**Your task**
Omit the images, then repeat the listing exactly.

**Data records**
Segment Open
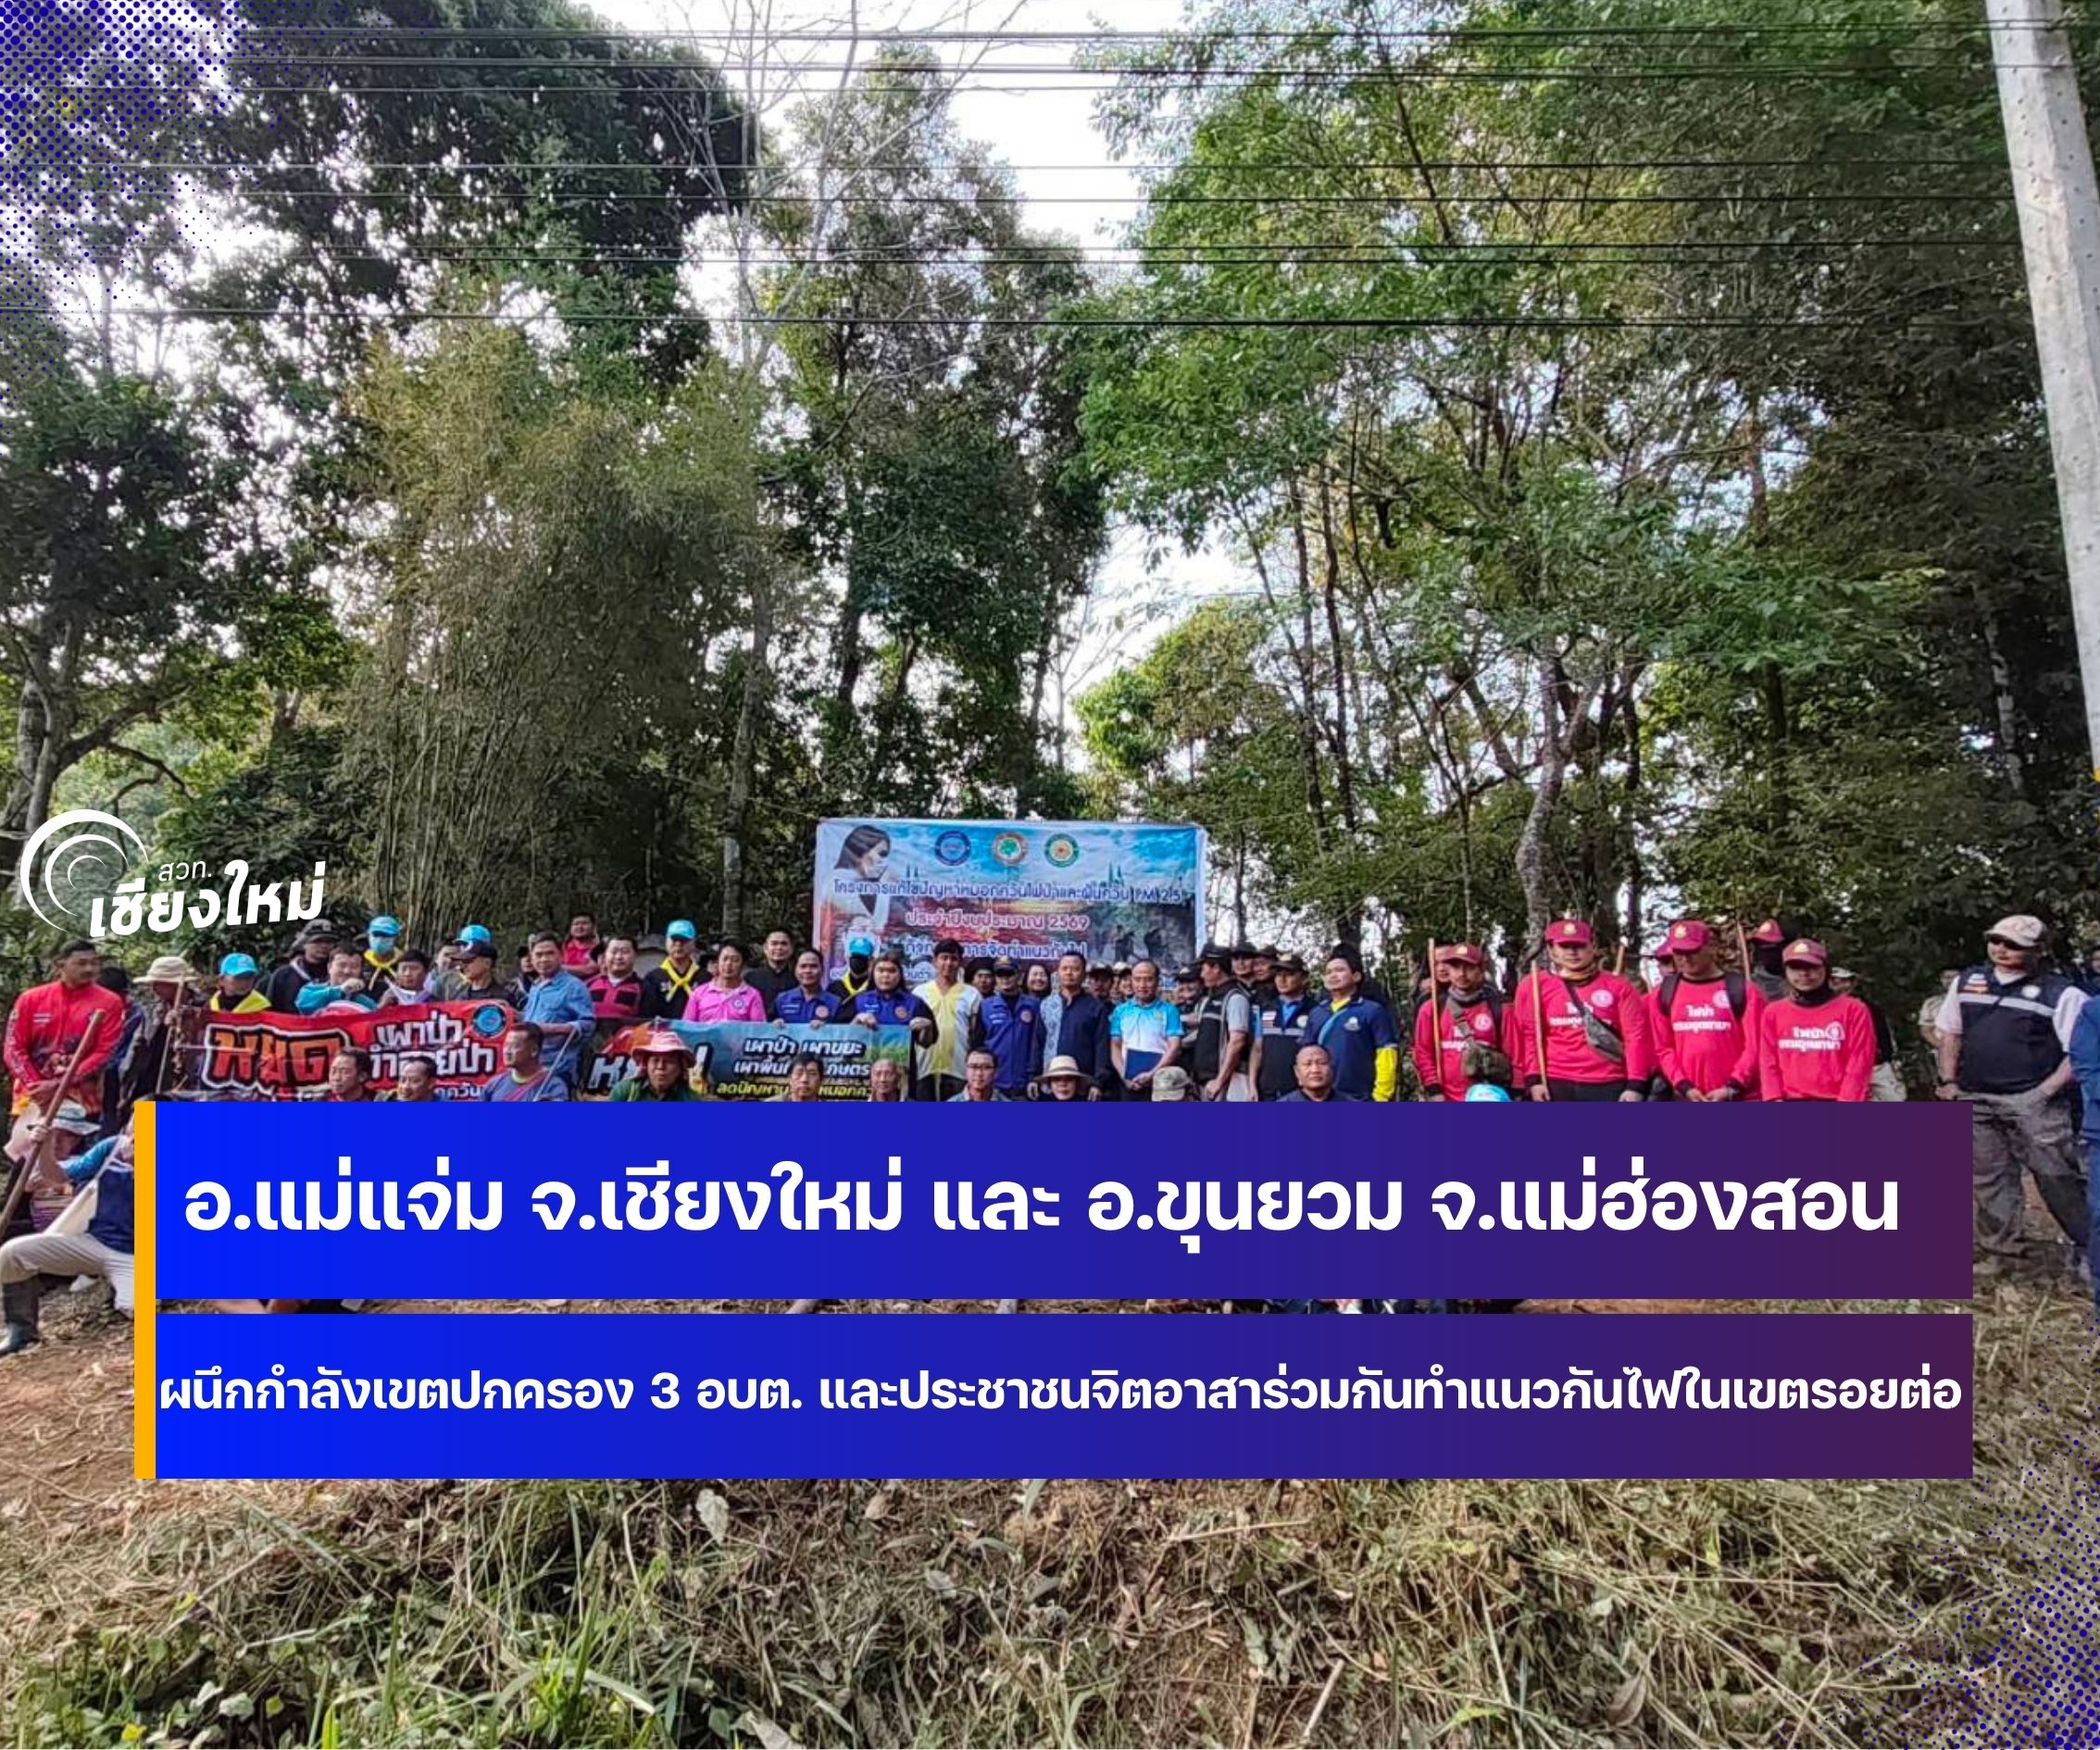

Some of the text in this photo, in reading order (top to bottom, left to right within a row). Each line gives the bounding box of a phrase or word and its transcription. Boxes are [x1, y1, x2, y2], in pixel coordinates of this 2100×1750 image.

[905, 907, 1091, 931] ประจำปีงบประมาณ 2569
[376, 1009, 464, 1049] เผาป่า
[369, 1038, 495, 1081] ทำยป่า
[744, 1035, 865, 1056] เผาป่า เผาขยะ
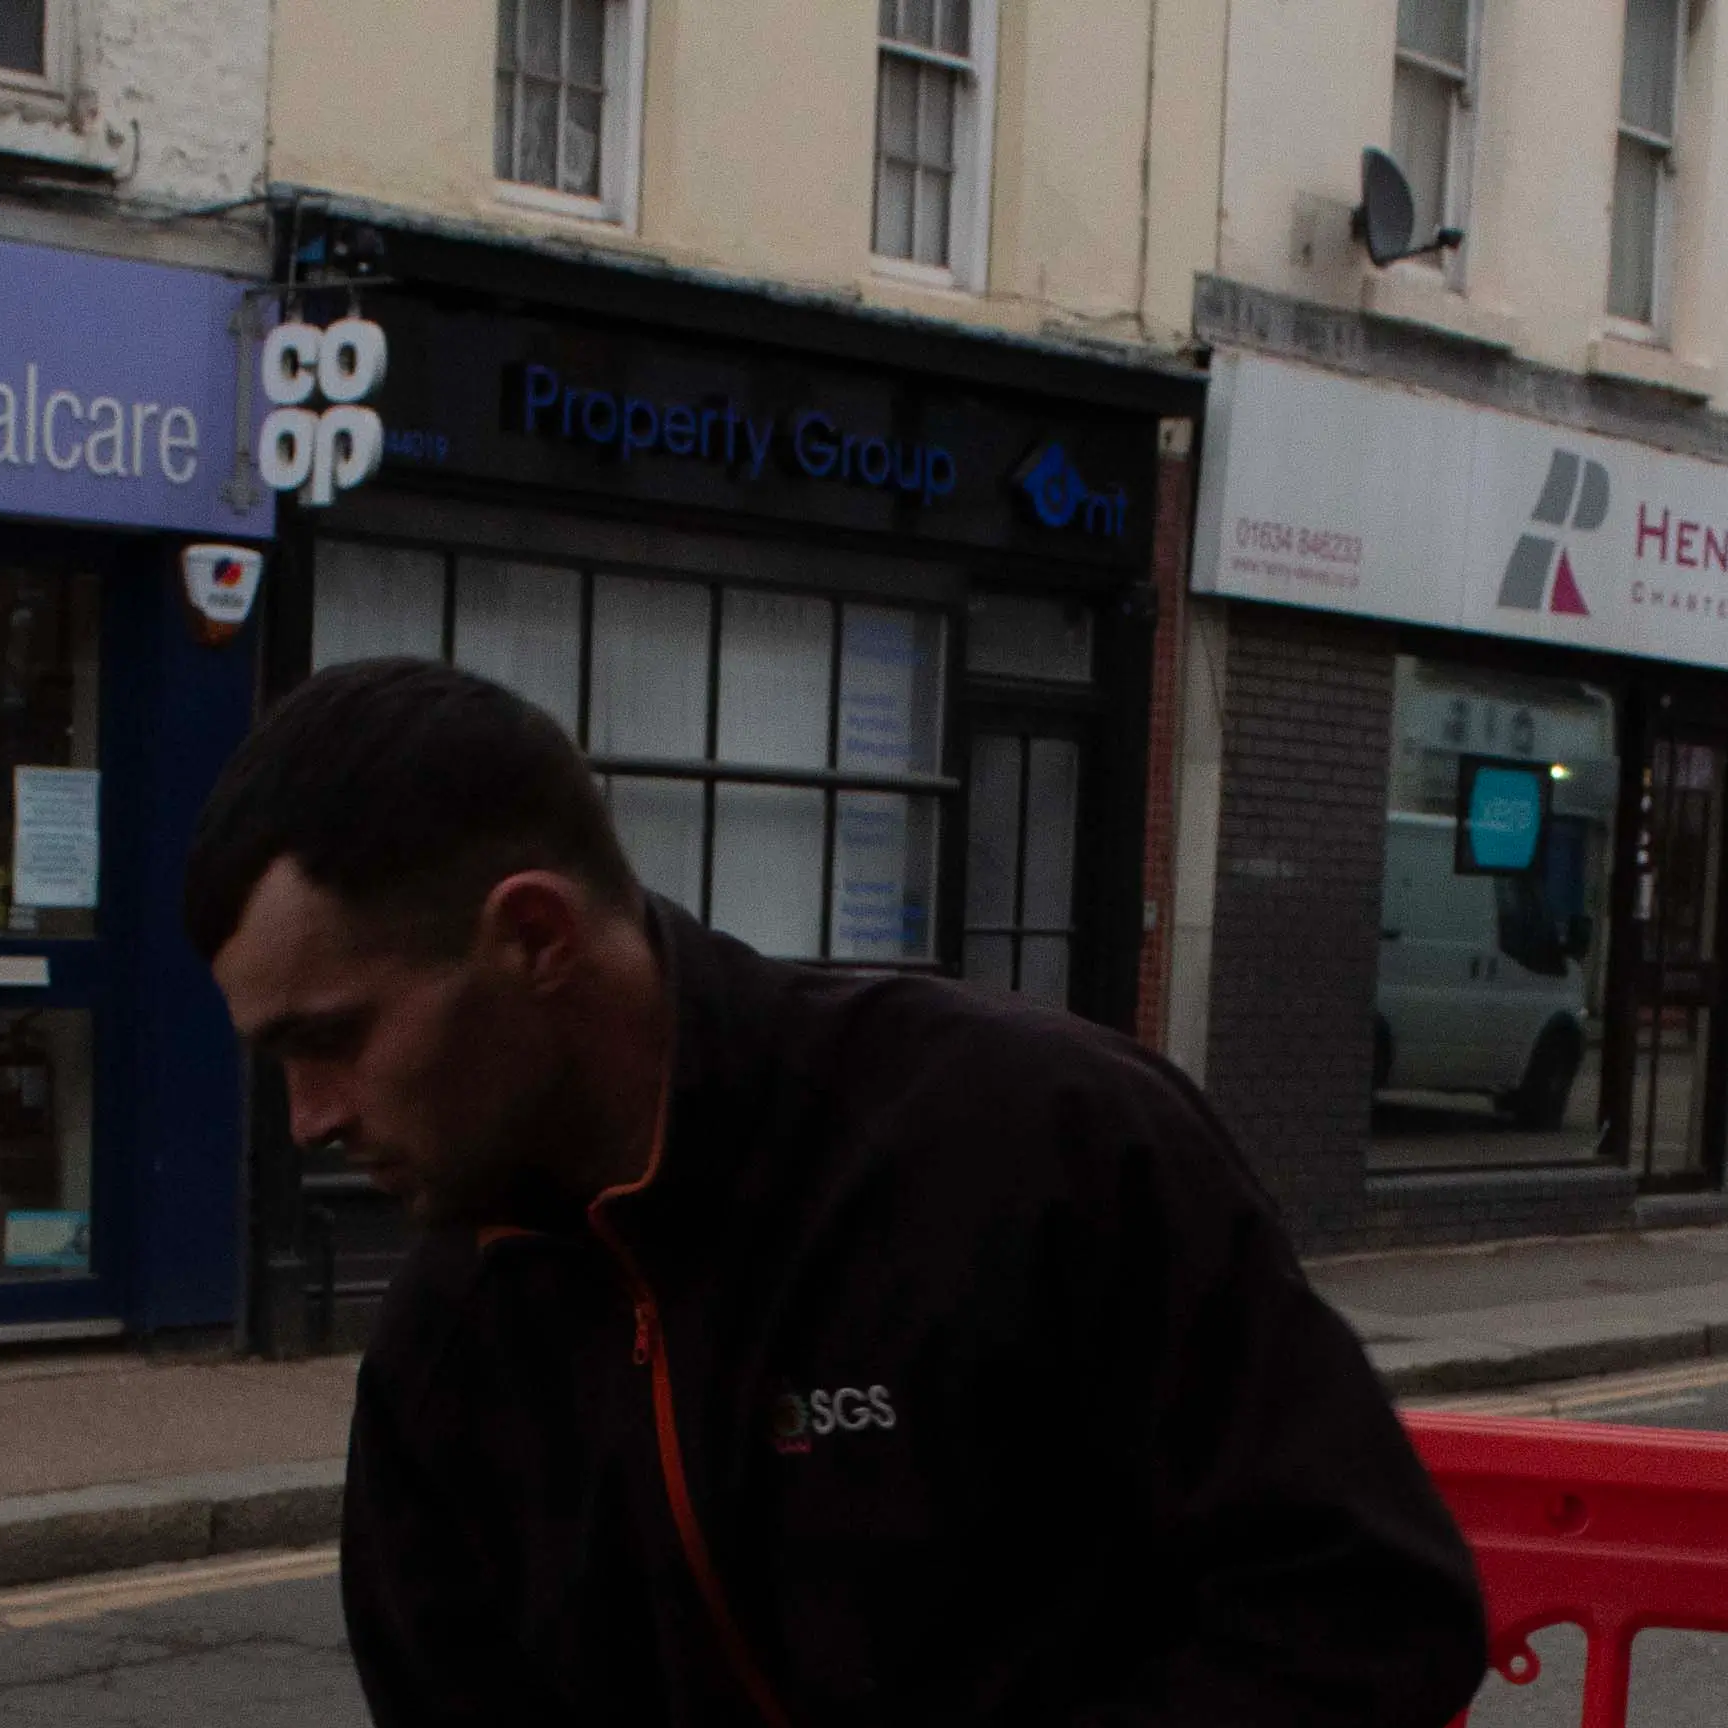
Segment Closed
**Task answer**
Some of the text in this photo, in reading order (top to bottom, left to right within a row). Each line gives the bounding box of a phrase or word and its transcription. Boxes are [x1, y1, x2, y2], in pixel coordinates of this 2100×1750 image.

[905, 907, 1091, 931] ประจำปีงบประมาณ 2569
[376, 1009, 464, 1049] เผาป่า
[369, 1038, 495, 1081] ทำยป่า
[744, 1035, 865, 1056] เผาป่า เผาขยะ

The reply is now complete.